• THE INPUT:
- - - -
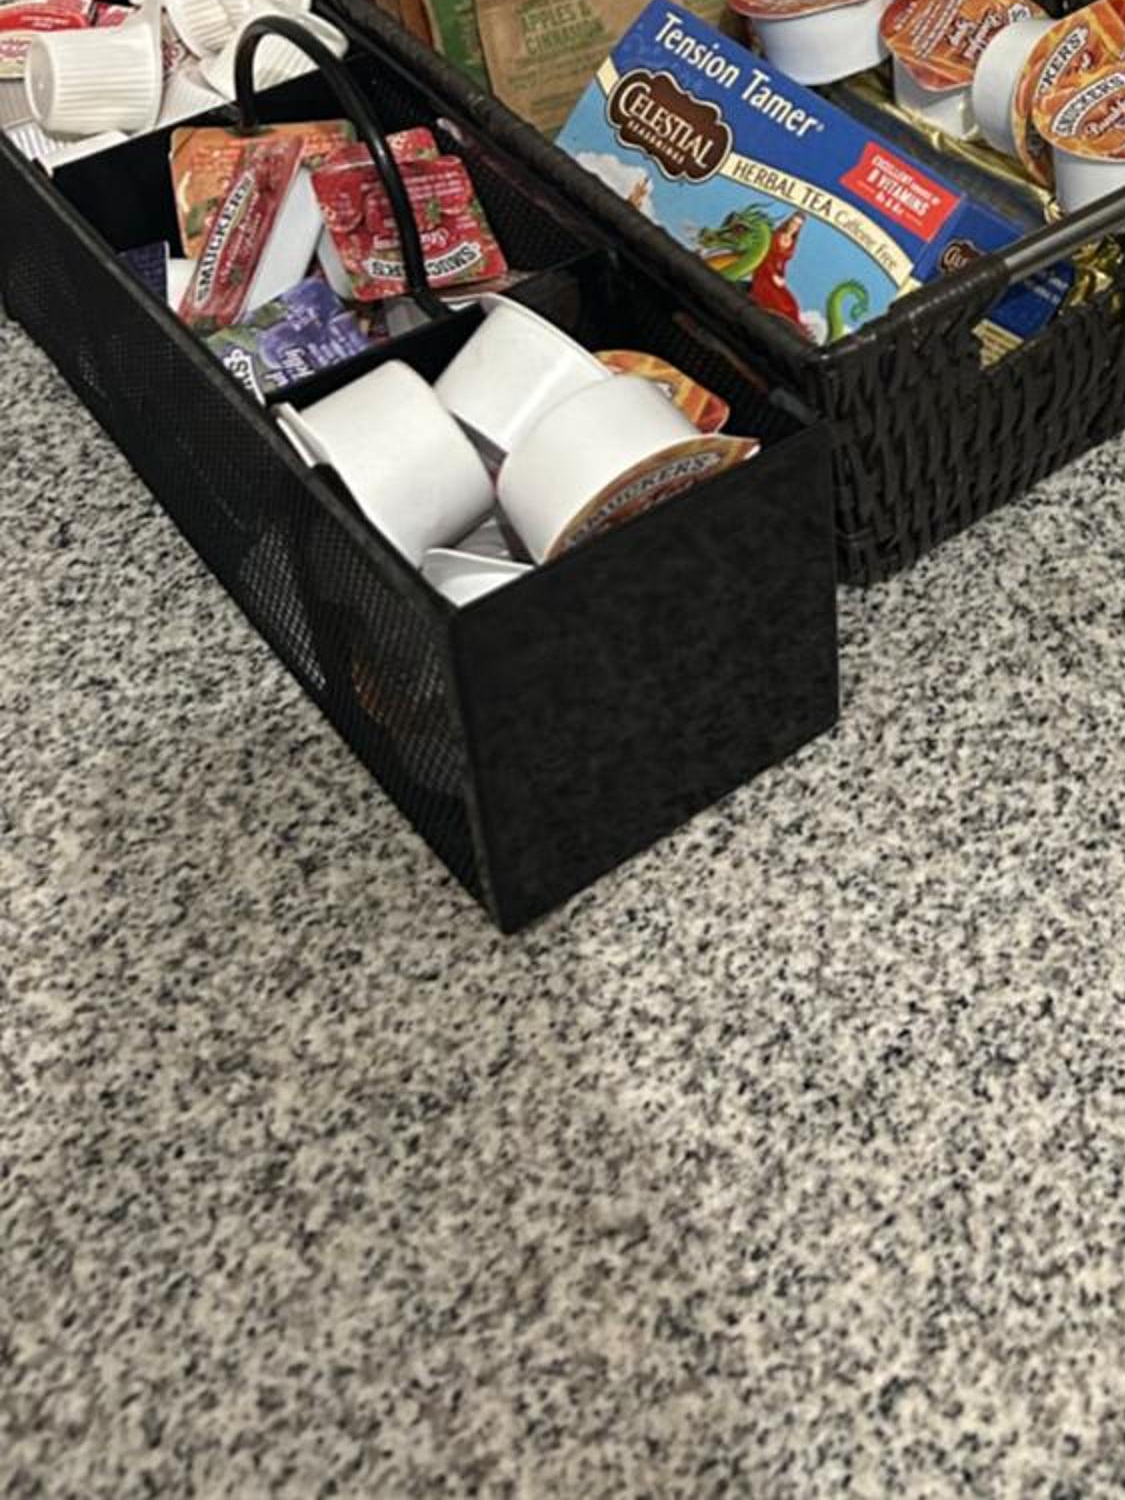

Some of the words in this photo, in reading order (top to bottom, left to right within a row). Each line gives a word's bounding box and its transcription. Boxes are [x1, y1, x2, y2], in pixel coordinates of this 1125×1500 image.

[520, 4, 576, 33] APPLES
[656, 12, 741, 89] Tension
[741, 68, 819, 137] Tamer
[619, 81, 716, 170] CELESTIAL
[732, 159, 797, 200] HERBAL
[801, 188, 833, 218] TEA
[877, 172, 931, 218] VITAMINS
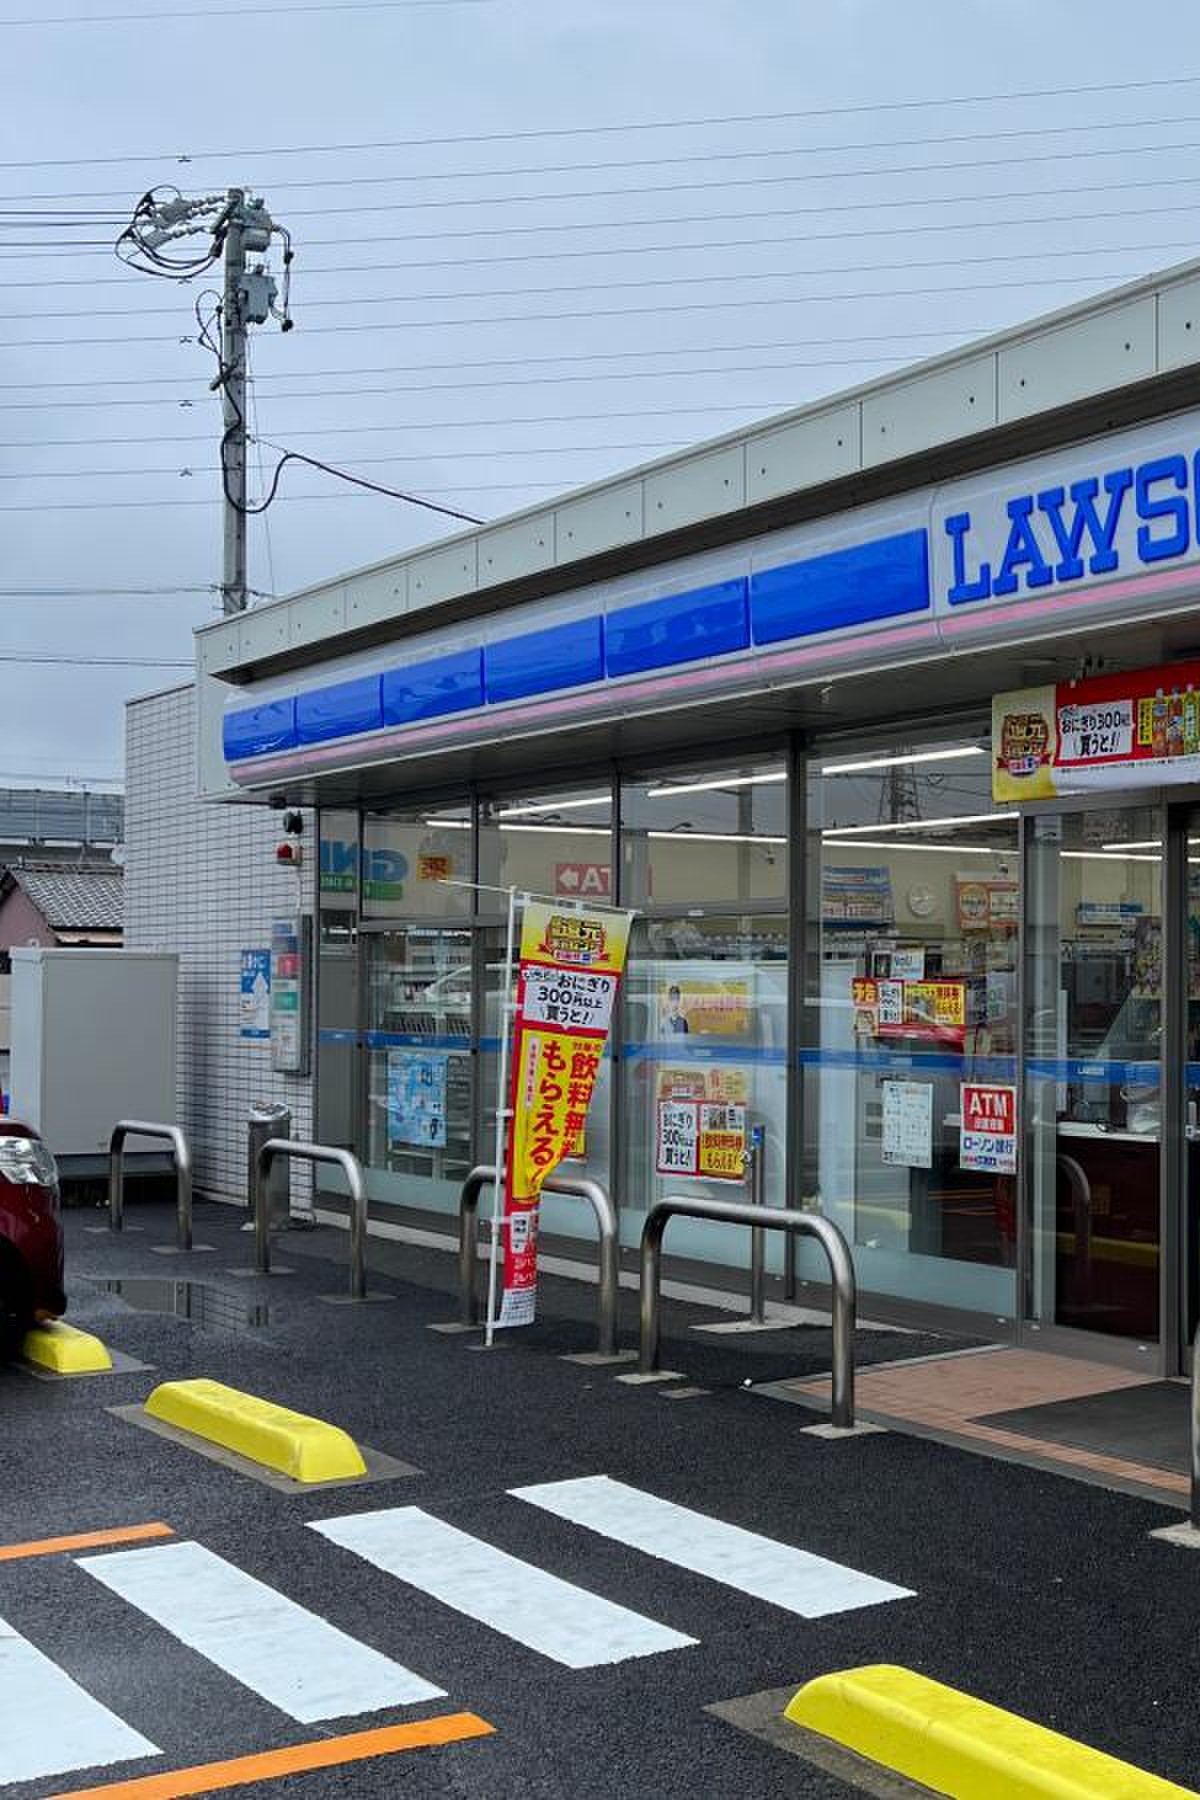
- - - -
• WHAT THE TASK ASKS: Aside from the pictures, copy all of the entries exactly.

• RESULT BELOW:
Some of the words in this photo, in reading order (top to bottom, left to right within a row). Each line gives a word's bounding box and its transcription. Boxes are [x1, y1, x2, y2], in pixel coordinates of this 1125×1500 image.

[520, 4, 576, 33] APPLES
[656, 12, 741, 89] Tension
[741, 68, 819, 137] Tamer
[619, 81, 716, 170] CELESTIAL
[732, 159, 797, 200] HERBAL
[801, 188, 833, 218] TEA
[877, 172, 931, 218] VITAMINS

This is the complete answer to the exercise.